Auxiliaire de recherche, candidate au bacalauréat en arts visuels, ULaval.
État actuel de la recherche en textile
Le présent recensement permet d’établir l’état de la recherche actuelle en textiles. Les sources choisies témoignent de recherches effectuées entre 2007 et 2021. Les enjeux principaux actuellement dans la recherche textile sont :
- La réduction des déchets produits et de l’empreinte écologique dans la chaîne de production
- La création de textiles pour les milieux extrêmes
- Le développement de nouvelles structures pouvant être réalisées grâce aux nouvelles technologies de prototypage
- L’optimisation de circuits souples pour créer des textiles intelligents
Les résultats de recherche ont été classés par catégories :
- Architecture souple
- Nouvelles fibres organiques / biotechnologies (à partir de matières vivantes)
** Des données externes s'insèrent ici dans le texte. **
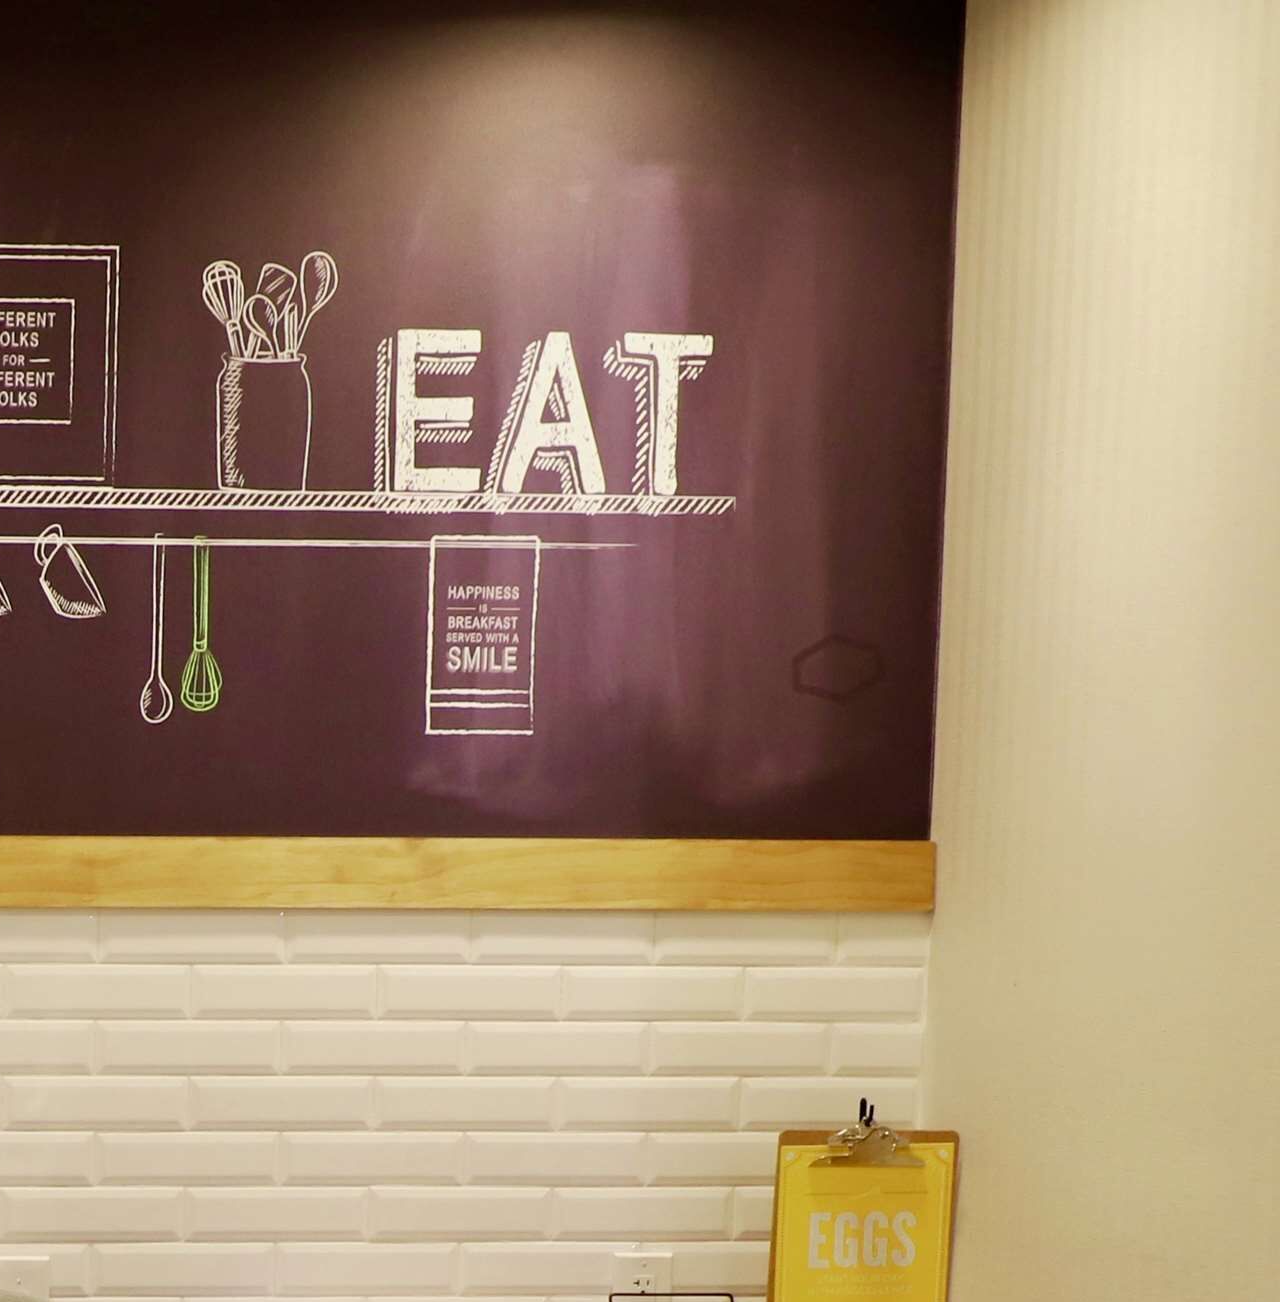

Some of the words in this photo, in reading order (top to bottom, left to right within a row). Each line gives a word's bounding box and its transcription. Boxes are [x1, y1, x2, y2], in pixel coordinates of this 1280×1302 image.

[2, 354, 25, 366] FOR
[375, 328, 714, 496] EAT
[447, 585, 520, 600] HAPPINESS
[478, 604, 488, 613] IS
[447, 616, 518, 630] BREAKFAST
[446, 632, 482, 643] SERVED
[485, 633, 509, 643] WITH
[512, 634, 520, 643] A
[447, 647, 518, 673] SMILE
[807, 1210, 917, 1269] EGGS
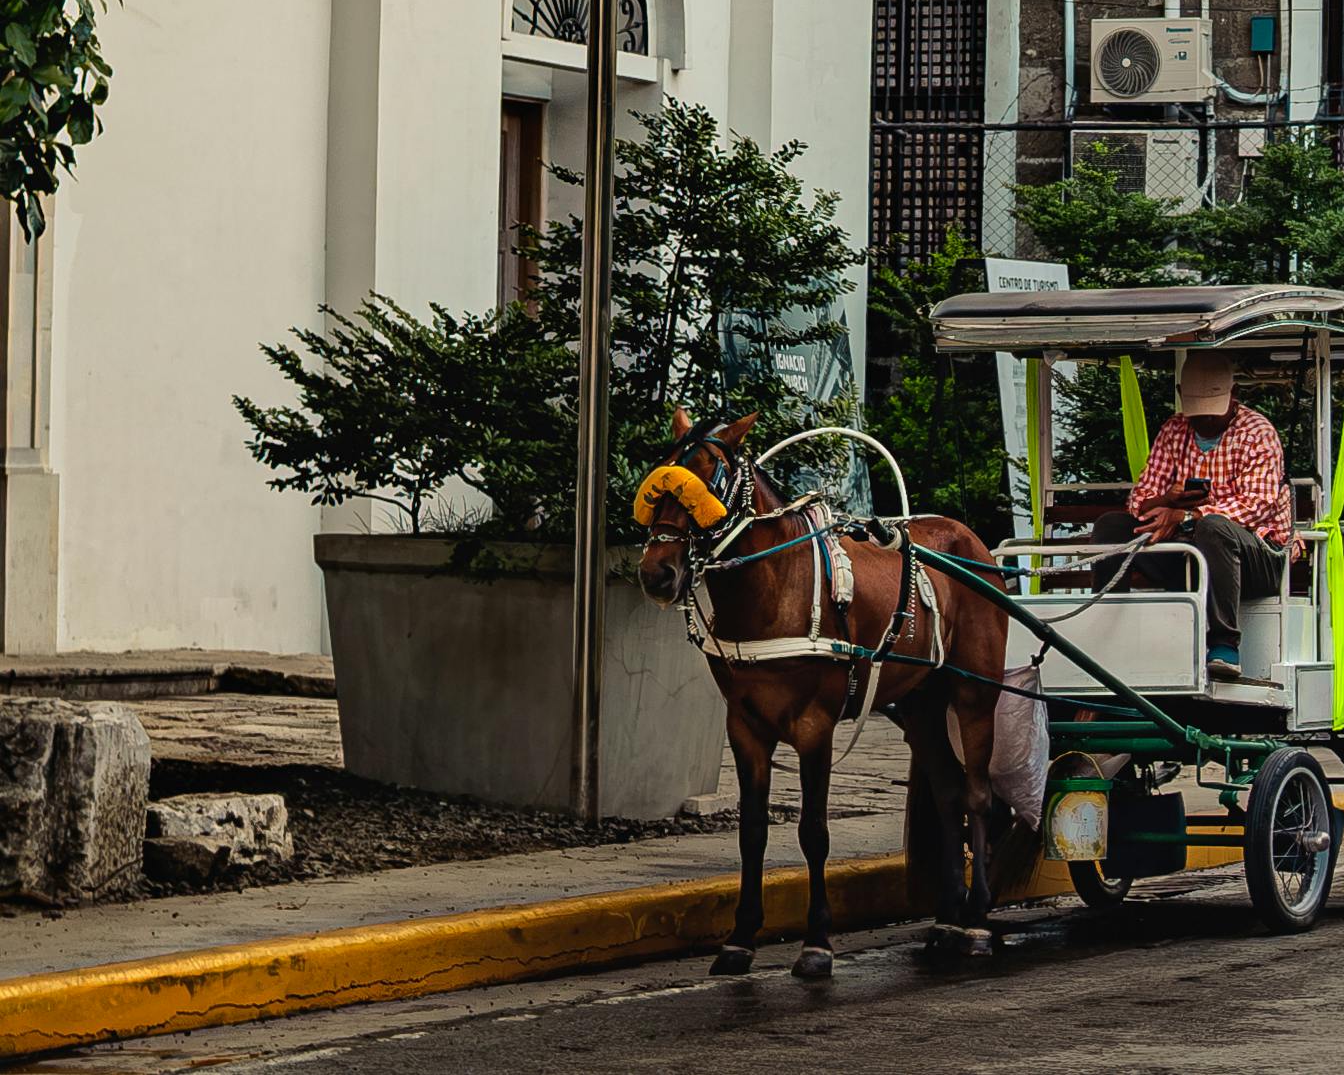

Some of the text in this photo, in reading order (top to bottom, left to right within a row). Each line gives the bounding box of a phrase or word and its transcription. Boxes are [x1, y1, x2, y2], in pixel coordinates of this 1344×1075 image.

[998, 276, 1023, 290] CENTRO
[1023, 278, 1032, 290] DE
[775, 352, 806, 373] IGNACIO
[779, 372, 809, 393] HURCH
- Impression 3d : Nouvelles structures textiles
- Textiles intelligents
Architecture souple
L’architecture souple est utilisée par les peuples nomades depuis toujours. Les avantages d’une architecture souple est qu’elle est facilement compactable, transportable et plus légère qu’une architecture rigide. Le défi dans l’architecture souple est de s’assurer qu’elle soit résistante aux éléments et qu’elle puisse offrir un certain niveau de confort. La souplesse de l’architecture est entendue comme la capacité d’un bâtiment à changer de vocation et/ou comme étant une structure construite avec des matériaux souples.
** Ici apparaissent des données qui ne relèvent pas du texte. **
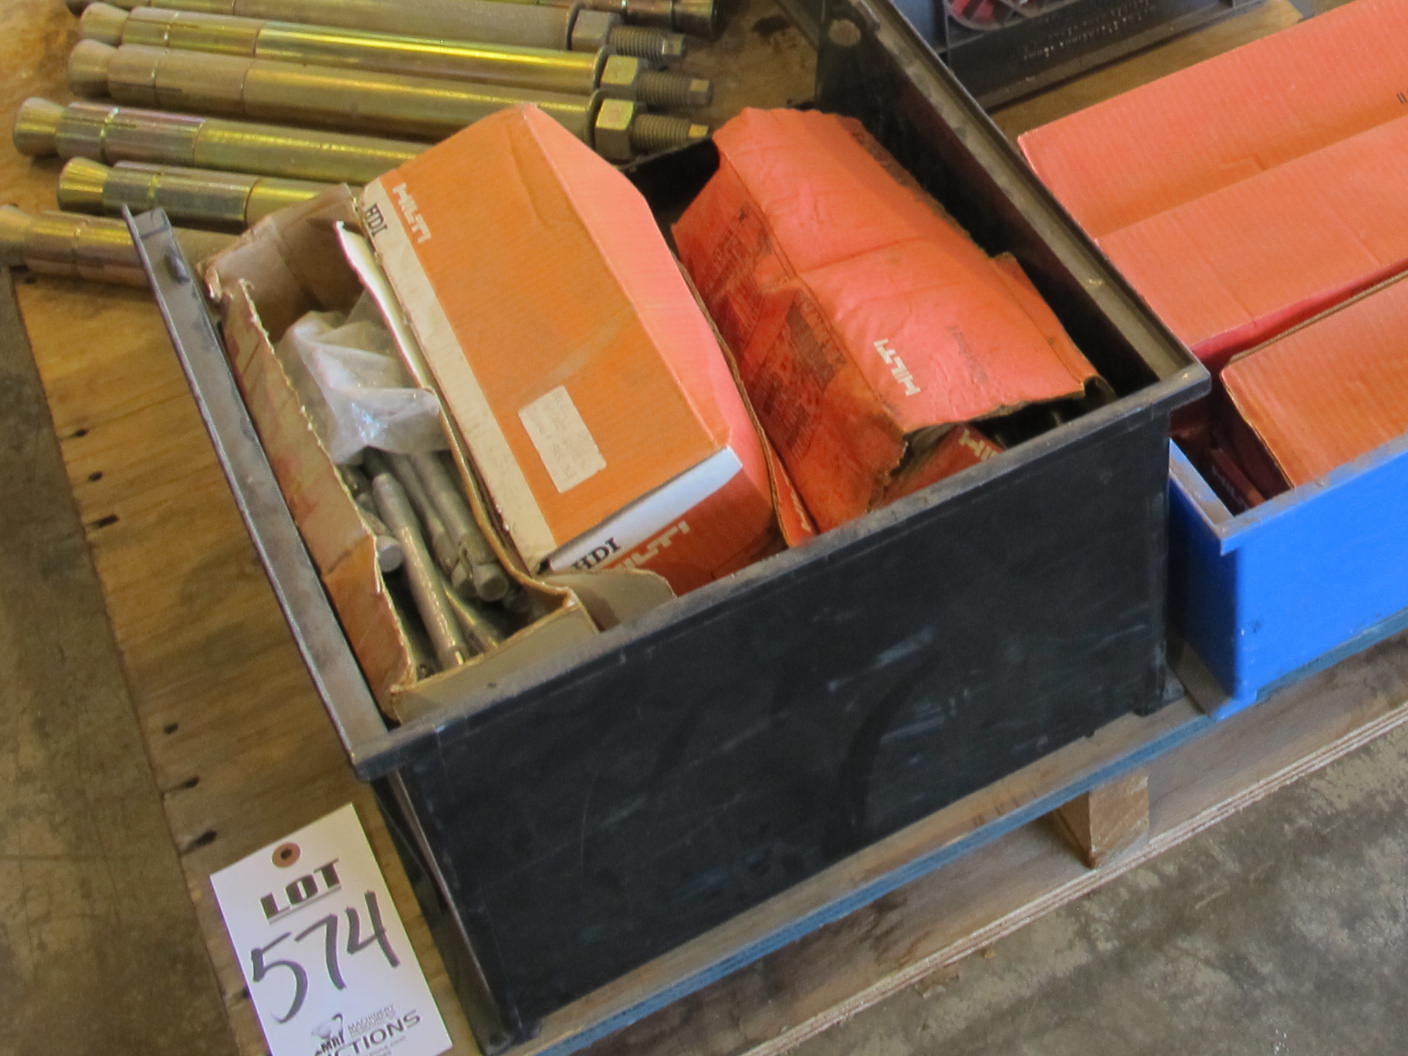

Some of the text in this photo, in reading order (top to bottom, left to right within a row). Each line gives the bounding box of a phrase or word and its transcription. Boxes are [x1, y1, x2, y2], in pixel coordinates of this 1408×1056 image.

[392, 182, 432, 244] HILTI
[873, 338, 922, 396] HILTI
[613, 520, 691, 569] ILTI
[259, 858, 342, 920] LOT
[250, 889, 400, 1024] 574
Dès les années 40, les architectes commencent à s’intéresser à l’architecture textile et l’utilisent pour questionner la nature monolithique du bâtiment et pour envisager l’architecture comme quelque chose de vivant qui pourrait être mobile. (Mazzola et Liuti, 2018, p.5)
Architecture gonflable
Tente, Heimplanet, Maverick (2021) :
- À la fois une architecture gonflable et géodésique
- Une structure gonflable remplace les tiges habituelles de la tente
- Structure compacte et légère
- Elle pourrait être combinée à des textiles techniques (textiles chauffants, conducteurs, solaires...)
- Structure géodésique résistante à des vents de 180 km/h
- Le modèle Mavericks sur la photo est la plus grosse tente de cette gamme, elle pèse 25kg (13m^2 de superficie)
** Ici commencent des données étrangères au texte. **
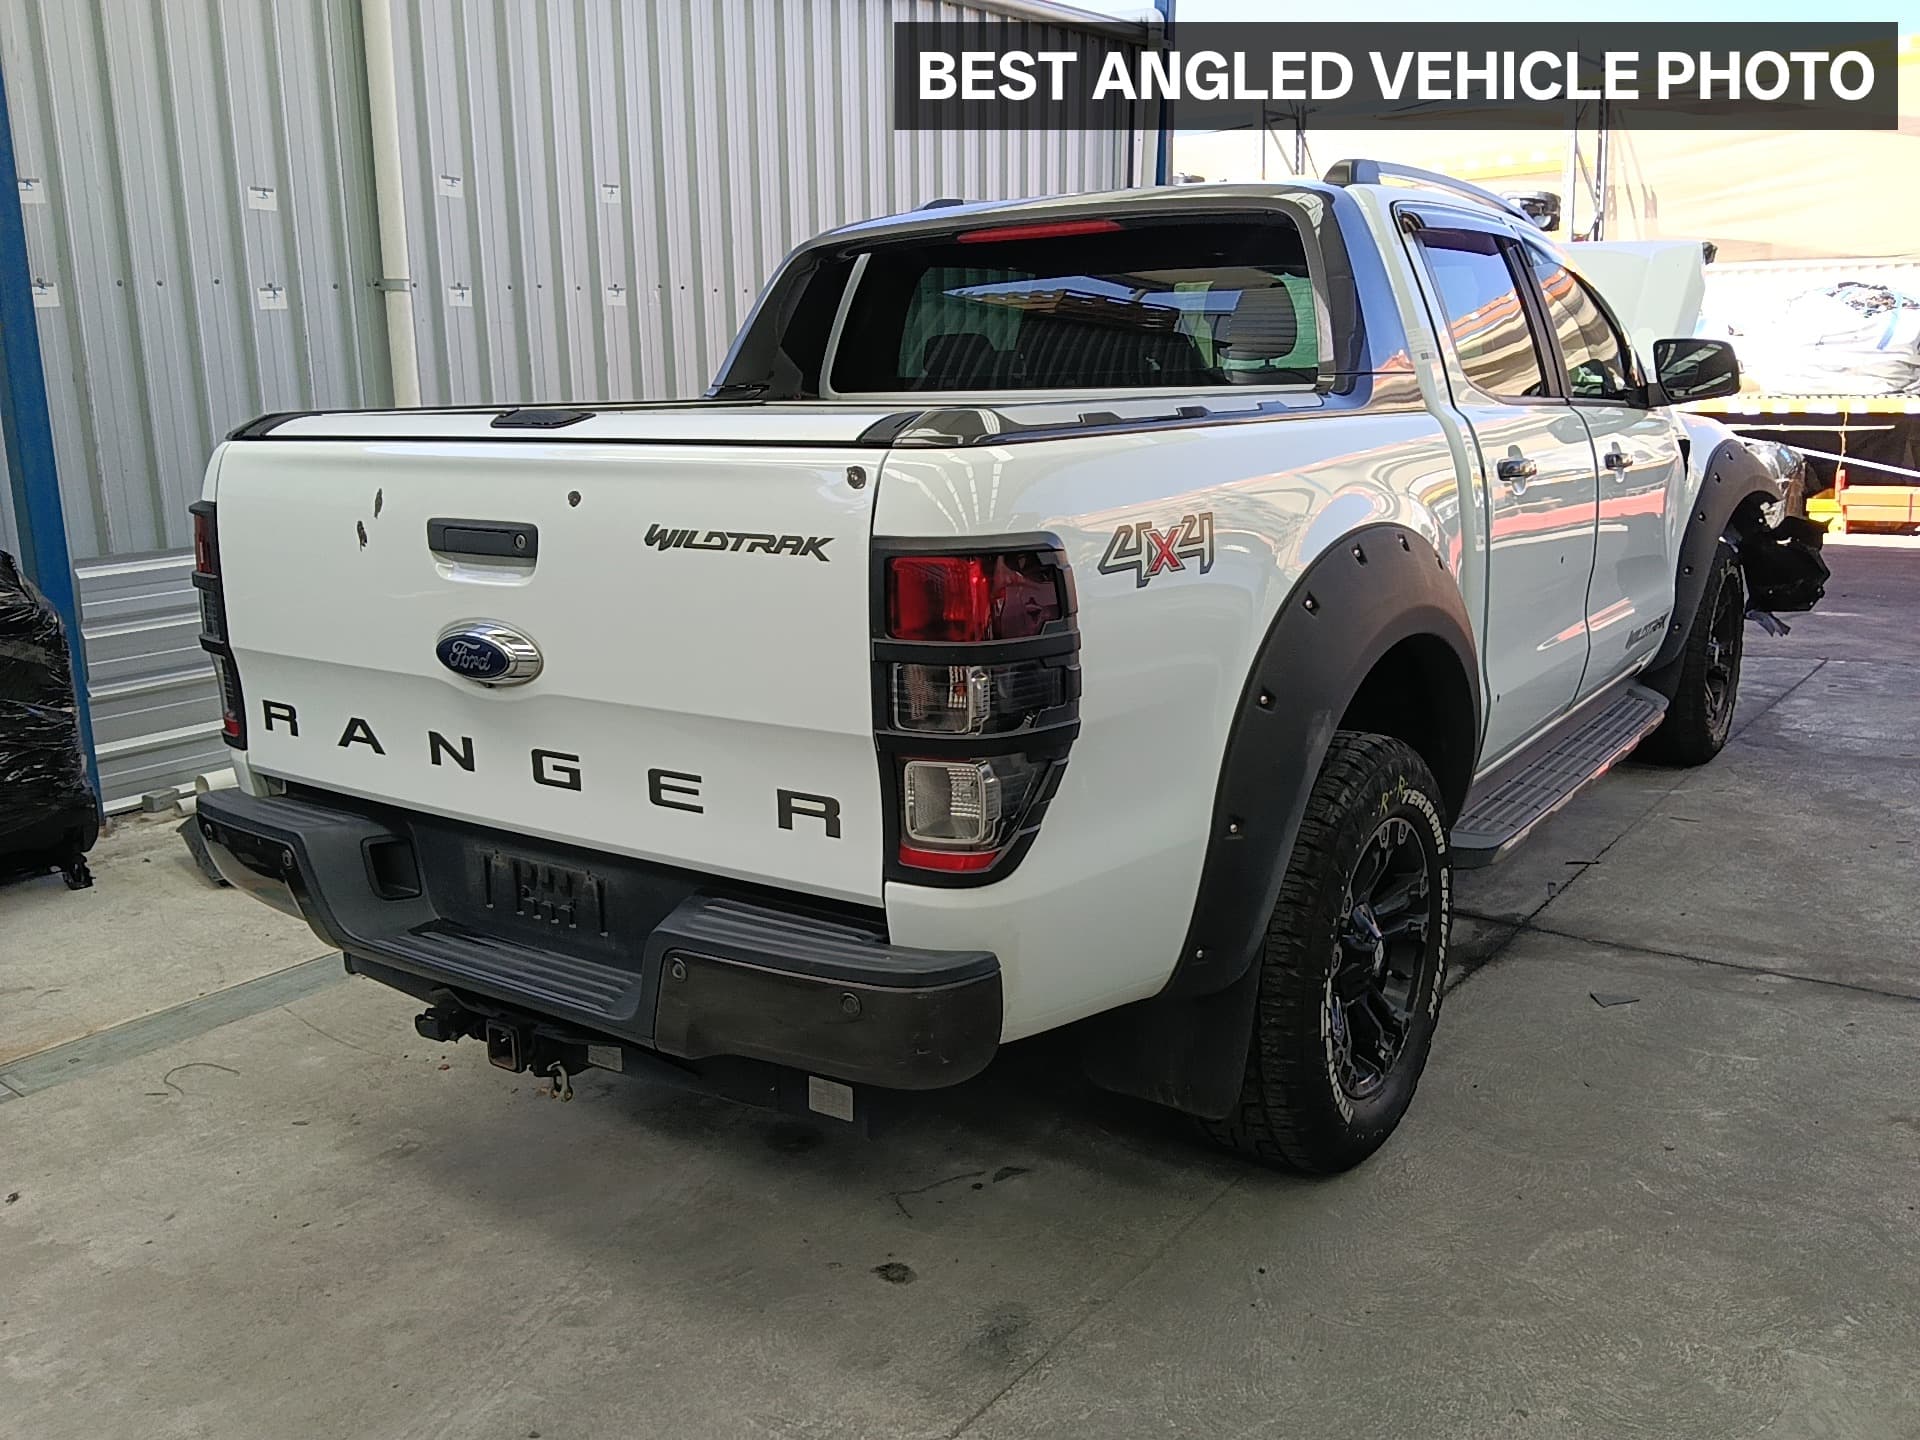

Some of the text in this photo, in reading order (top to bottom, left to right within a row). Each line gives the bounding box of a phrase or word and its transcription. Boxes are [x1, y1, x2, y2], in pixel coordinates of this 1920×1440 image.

- La plus petite tente pèse 2,5kg
Airshell (2017) :
- Une architecture géodésique modulaire qui se forme sur un gabarit gonflable. La structure est plus ou moins haute selon le niveau de gonflement du gabarit.
- La structure gonflable temporaire facilite le montage de la structure.
- La structure est probablement pliable pour un rangement compact et la forme gonflable aussi.
Structures déployables / assemblages modulaires
Tentes/habitations modulaires Archinoma (2009):
- Structure avec tubes rigides et tentures entièrement reconfigurable à chaque nouvelle installation
- Solidité garantie peu importe la configuration grâce à la structure en tétraèdre
- Adaptable à l’environnement
- Matériaux de recouvrement interchangeables : Nylon, polycarbonate ou bois
- Shelest joint : Possible de connecter 14 arrêtes à un joint
- Projet entièrement conçu autour de notions mathématiques : Triangle de Sierpiński, fractales, l’octangle étoilé et les illusions d’optique qui en découlent.
Structures déployables / Origami, pliable
Les vêtements de Issey Miyakey (Projet 132 5, depuis 2007):
- Inspiré de Jun Mitani (Professeur à l’Université de Tsukuba, Ingénieur au Computational Geometry and Graphics Lab)
- Création du Reality Lab avec Manabu Kikuchi (textile engineer) et Sachiko Yamamoto (pattern engineer)
- Pièces d’abord conceptualisées grâce à un logiciel conçu par Jun Mitani
- Pièces facilement repliables, légères et compactes
La recherche sur les fibres faites à partir de matières organiques renouvelables cherche surtout à réduire l’empreinte écologique dans la chaîne de production textile. Aussi, certaines fibres sont convoitées pour leurs qualités démontrées dans la nature, notamment le fil d’araignée pour sa solidité et divers organismes pour leurs propriétés phosphorescentes. Les recherches de Neri Oxman se situent aussi dans cette catégorie.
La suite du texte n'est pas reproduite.